* [Task details] Take the line containing "this 1950×1317 image." and all lines after it, through the end of the material, and repeat them exactly, pictures left out.

--- Supplied information Enclosed Below ---

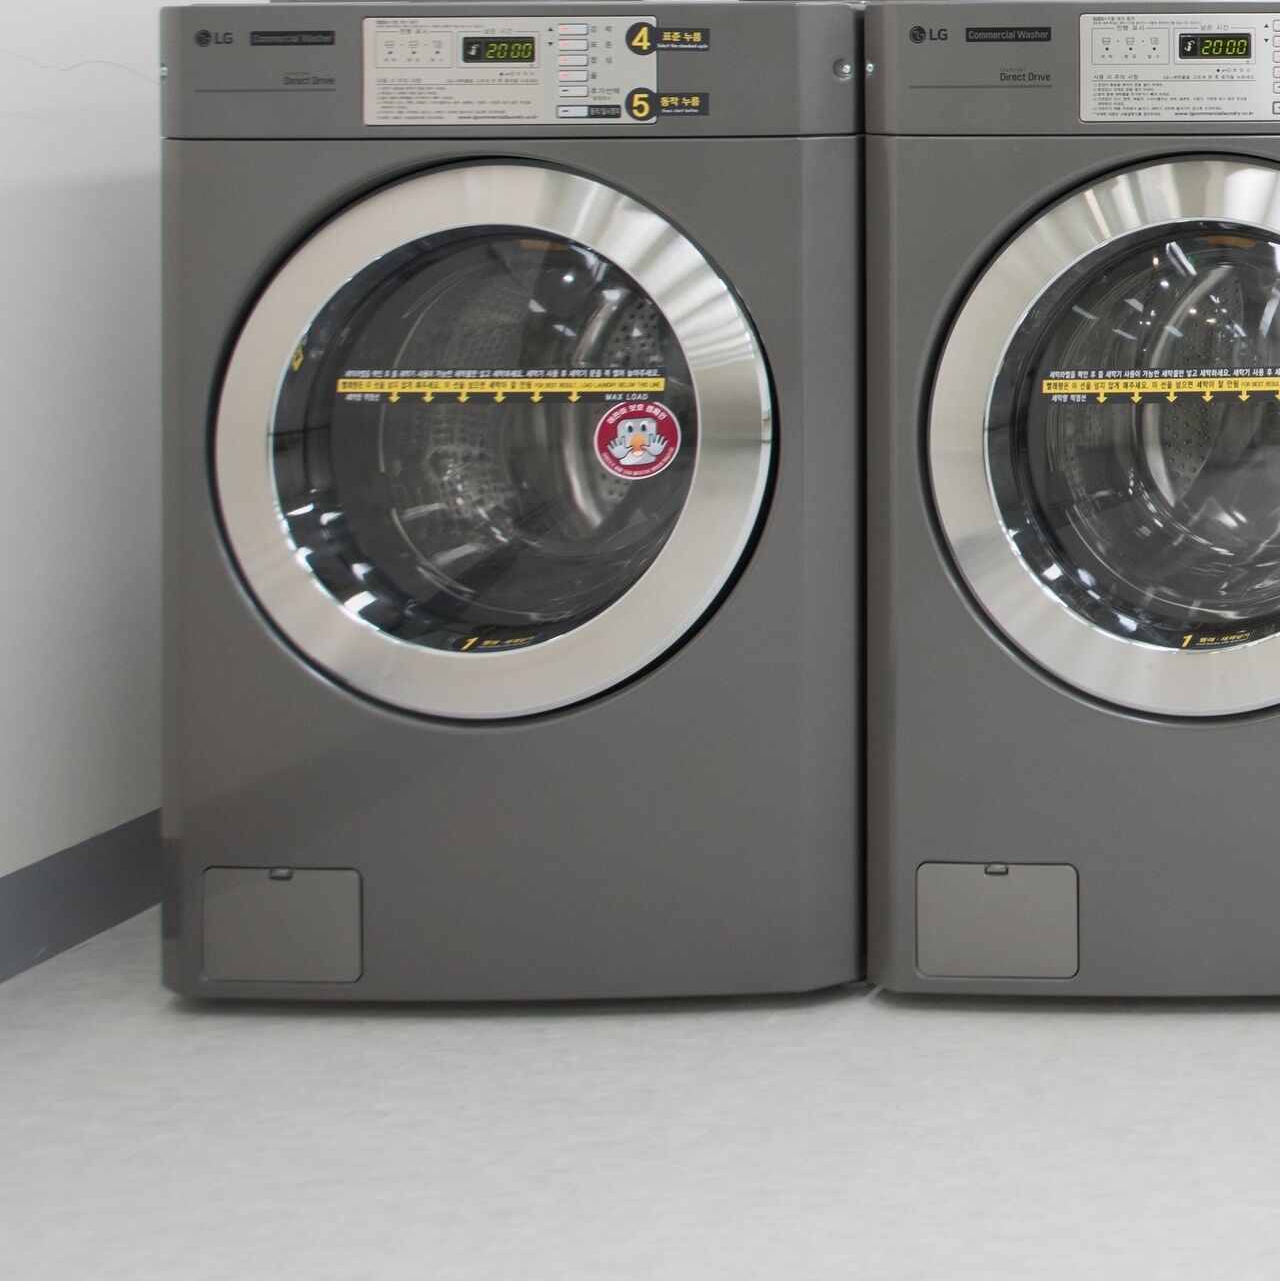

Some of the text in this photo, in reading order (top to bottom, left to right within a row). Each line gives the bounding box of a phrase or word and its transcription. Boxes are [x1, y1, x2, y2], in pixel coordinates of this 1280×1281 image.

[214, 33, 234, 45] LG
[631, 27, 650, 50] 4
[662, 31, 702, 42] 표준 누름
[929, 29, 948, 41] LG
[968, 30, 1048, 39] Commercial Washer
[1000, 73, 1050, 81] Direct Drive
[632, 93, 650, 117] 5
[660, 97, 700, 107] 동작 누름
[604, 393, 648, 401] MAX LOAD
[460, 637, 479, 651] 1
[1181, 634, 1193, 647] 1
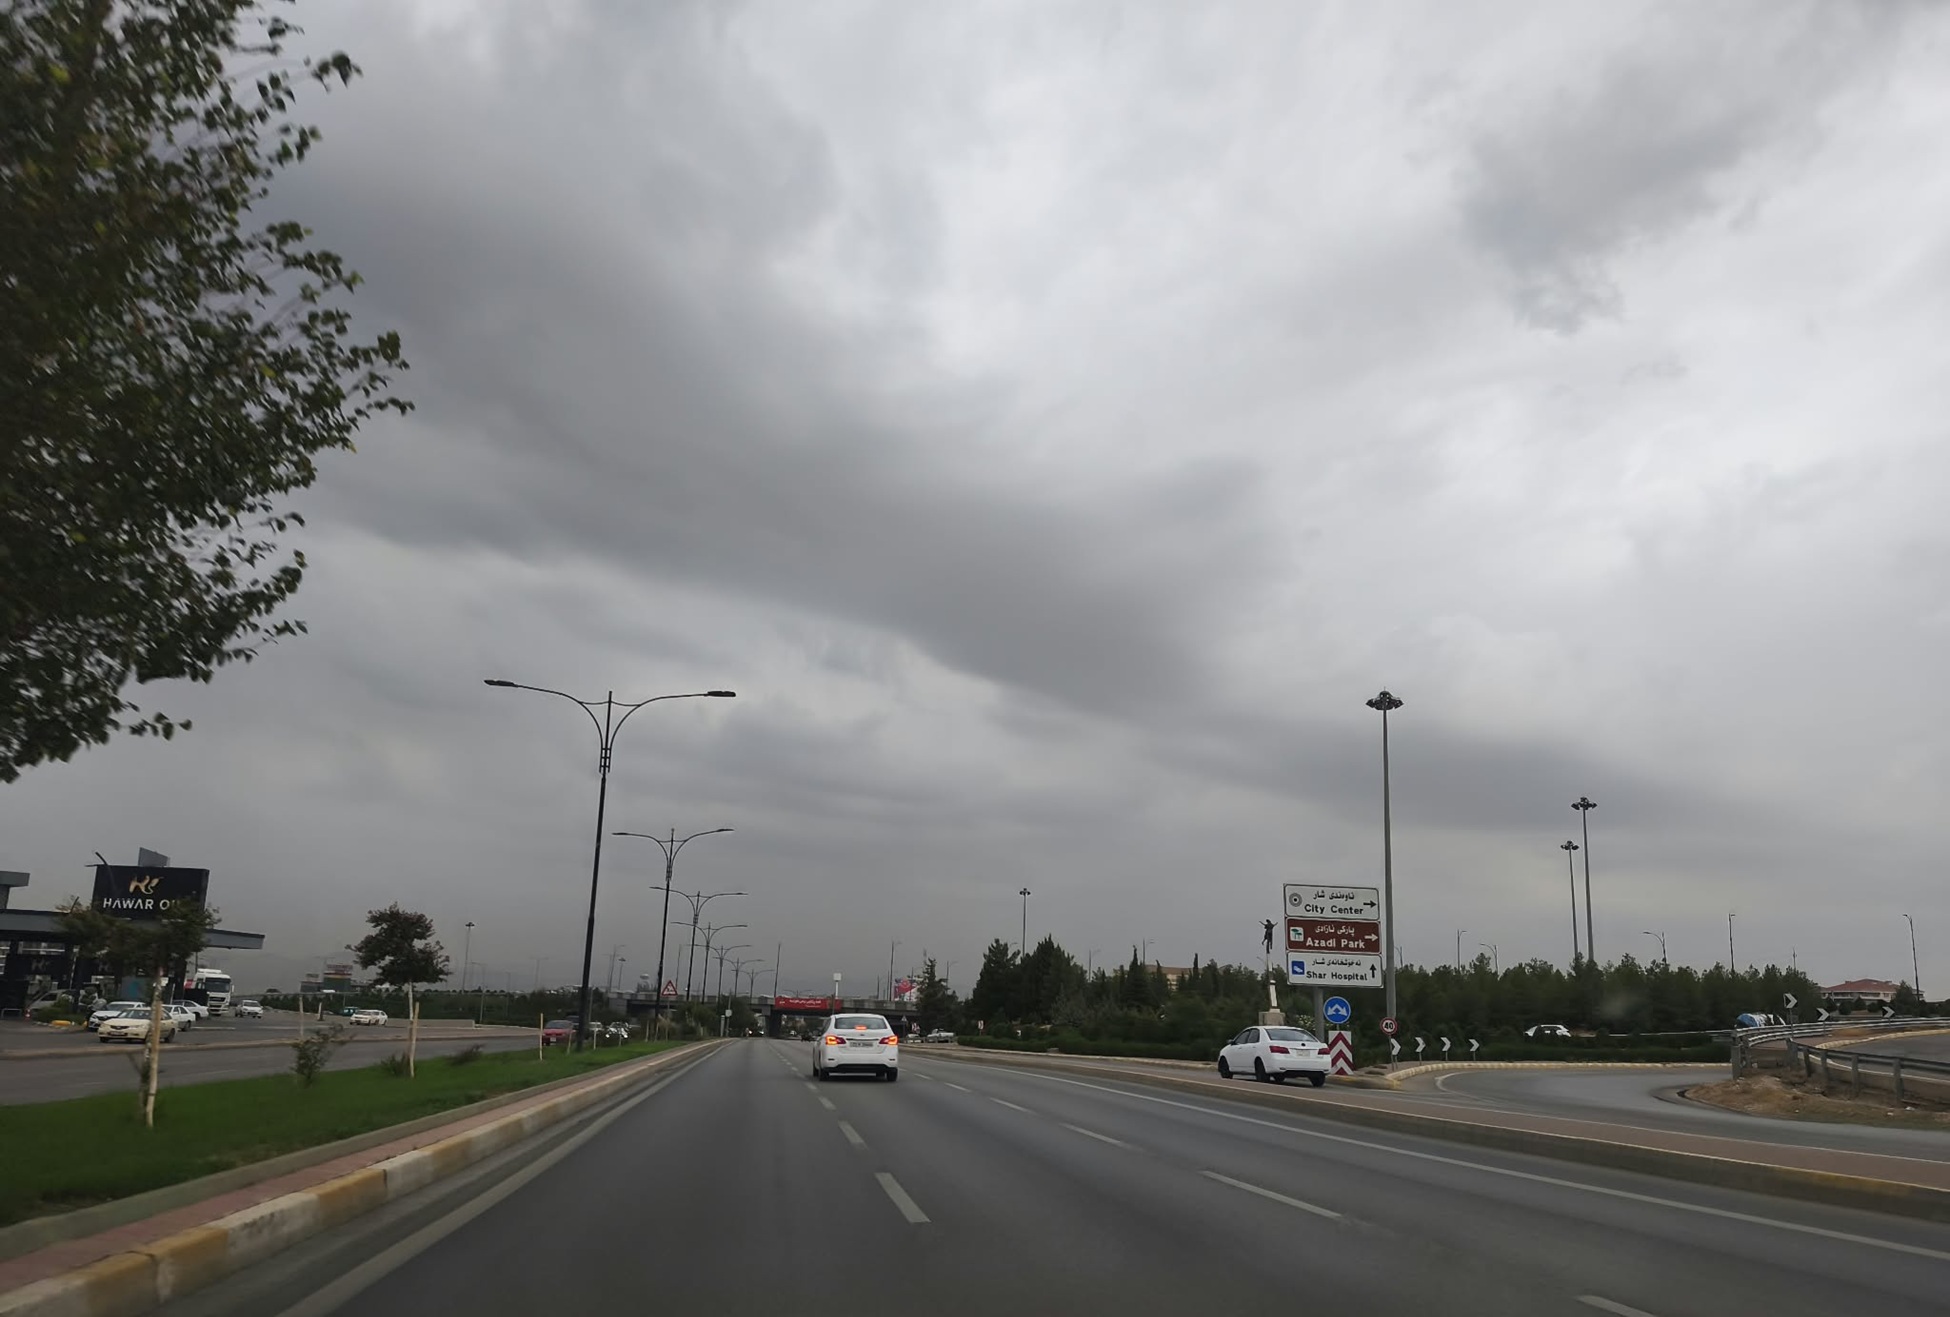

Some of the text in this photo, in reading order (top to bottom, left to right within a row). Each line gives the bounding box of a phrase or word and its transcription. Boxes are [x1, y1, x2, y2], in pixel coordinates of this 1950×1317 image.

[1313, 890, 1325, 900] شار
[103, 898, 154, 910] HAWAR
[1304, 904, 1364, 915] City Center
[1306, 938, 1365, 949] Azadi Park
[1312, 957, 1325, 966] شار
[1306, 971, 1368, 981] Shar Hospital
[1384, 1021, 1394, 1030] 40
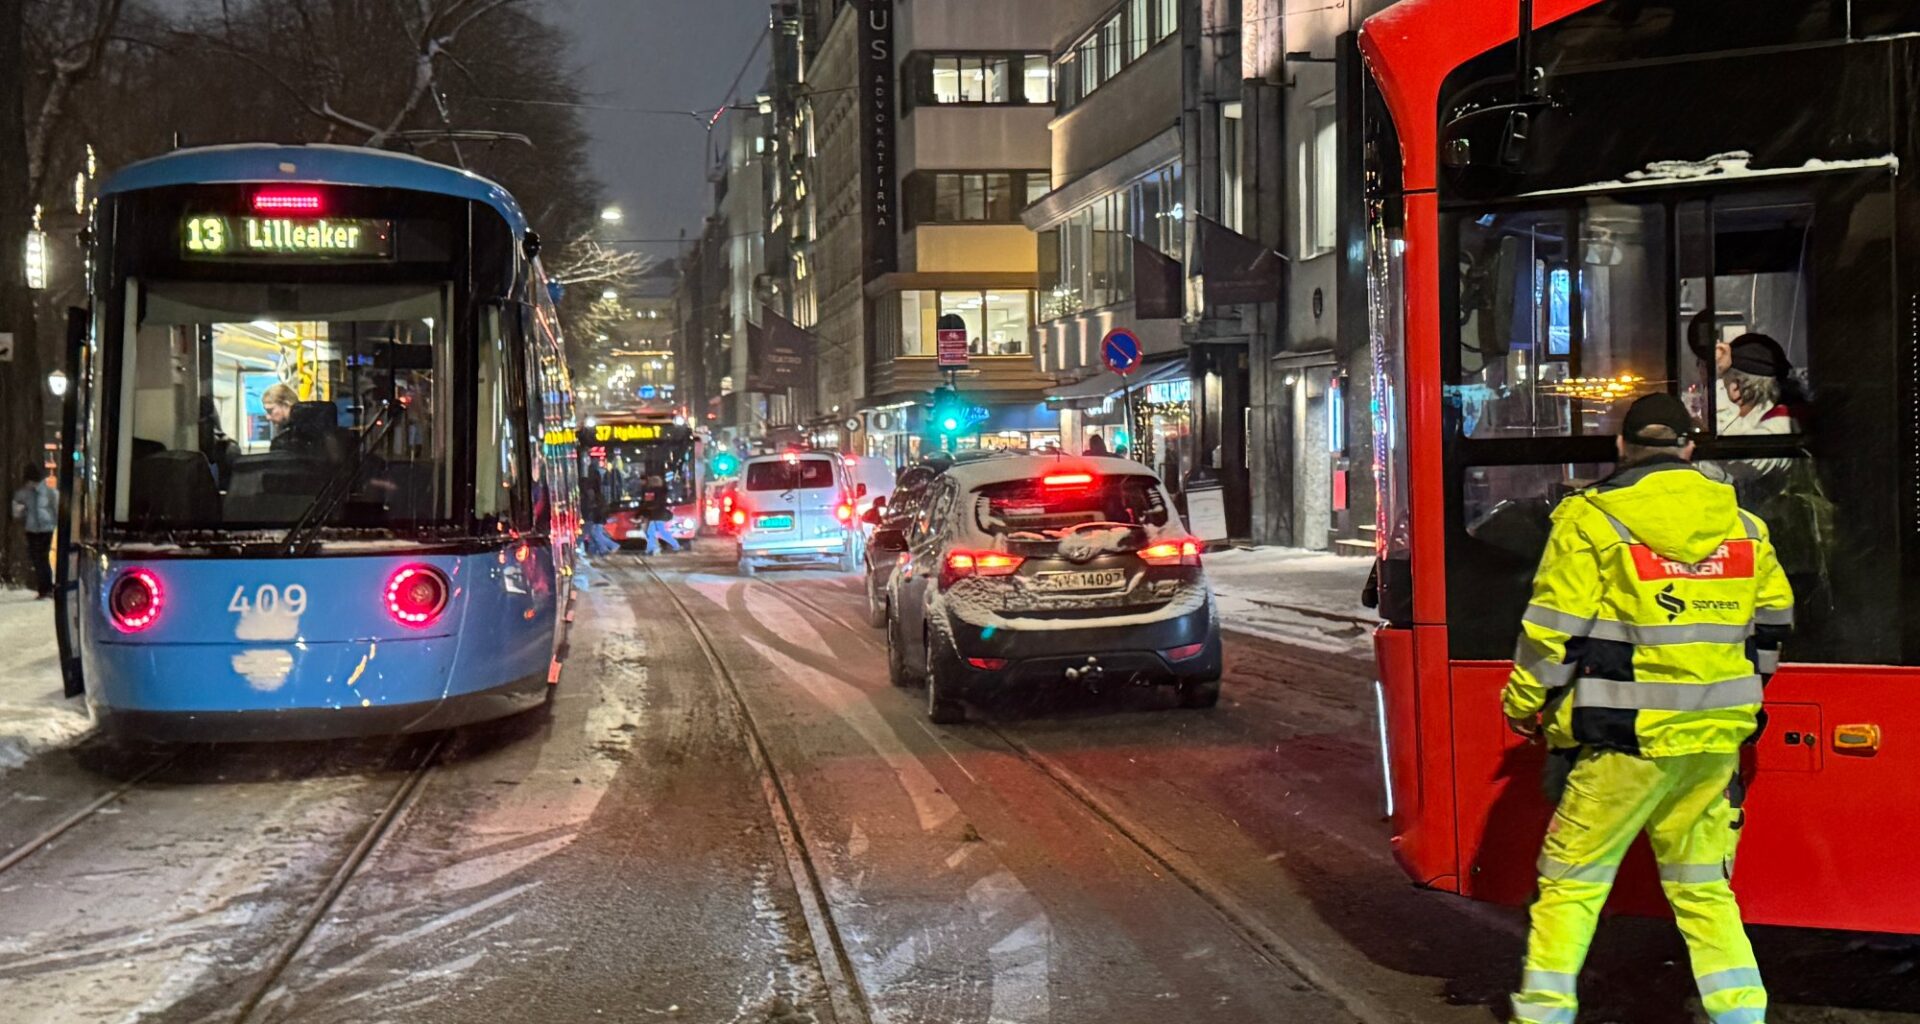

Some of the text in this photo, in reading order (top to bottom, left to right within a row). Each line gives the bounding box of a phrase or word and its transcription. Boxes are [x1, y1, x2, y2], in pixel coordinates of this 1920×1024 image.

--- End of Enclosed Supplied information ---

* [Output of the exercise]
Some of the text in this photo, in reading order (top to bottom, left to right within a row). Each line gives the bounding box of a phrase or word and its transcription. Boxes are [x1, y1, x2, y2], in pixel coordinates of this 1950×1317 image.

[1313, 890, 1325, 900] شار
[103, 898, 154, 910] HAWAR
[1304, 904, 1364, 915] City Center
[1306, 938, 1365, 949] Azadi Park
[1312, 957, 1325, 966] شار
[1306, 971, 1368, 981] Shar Hospital
[1384, 1021, 1394, 1030] 40

Some of the text in this photo, in reading order (top to bottom, left to right within a row). Each line gives the bounding box of a phrase or word and its transcription. Boxes are [x1, y1, x2, y2], in pixel coordinates of this 1920×1024 image.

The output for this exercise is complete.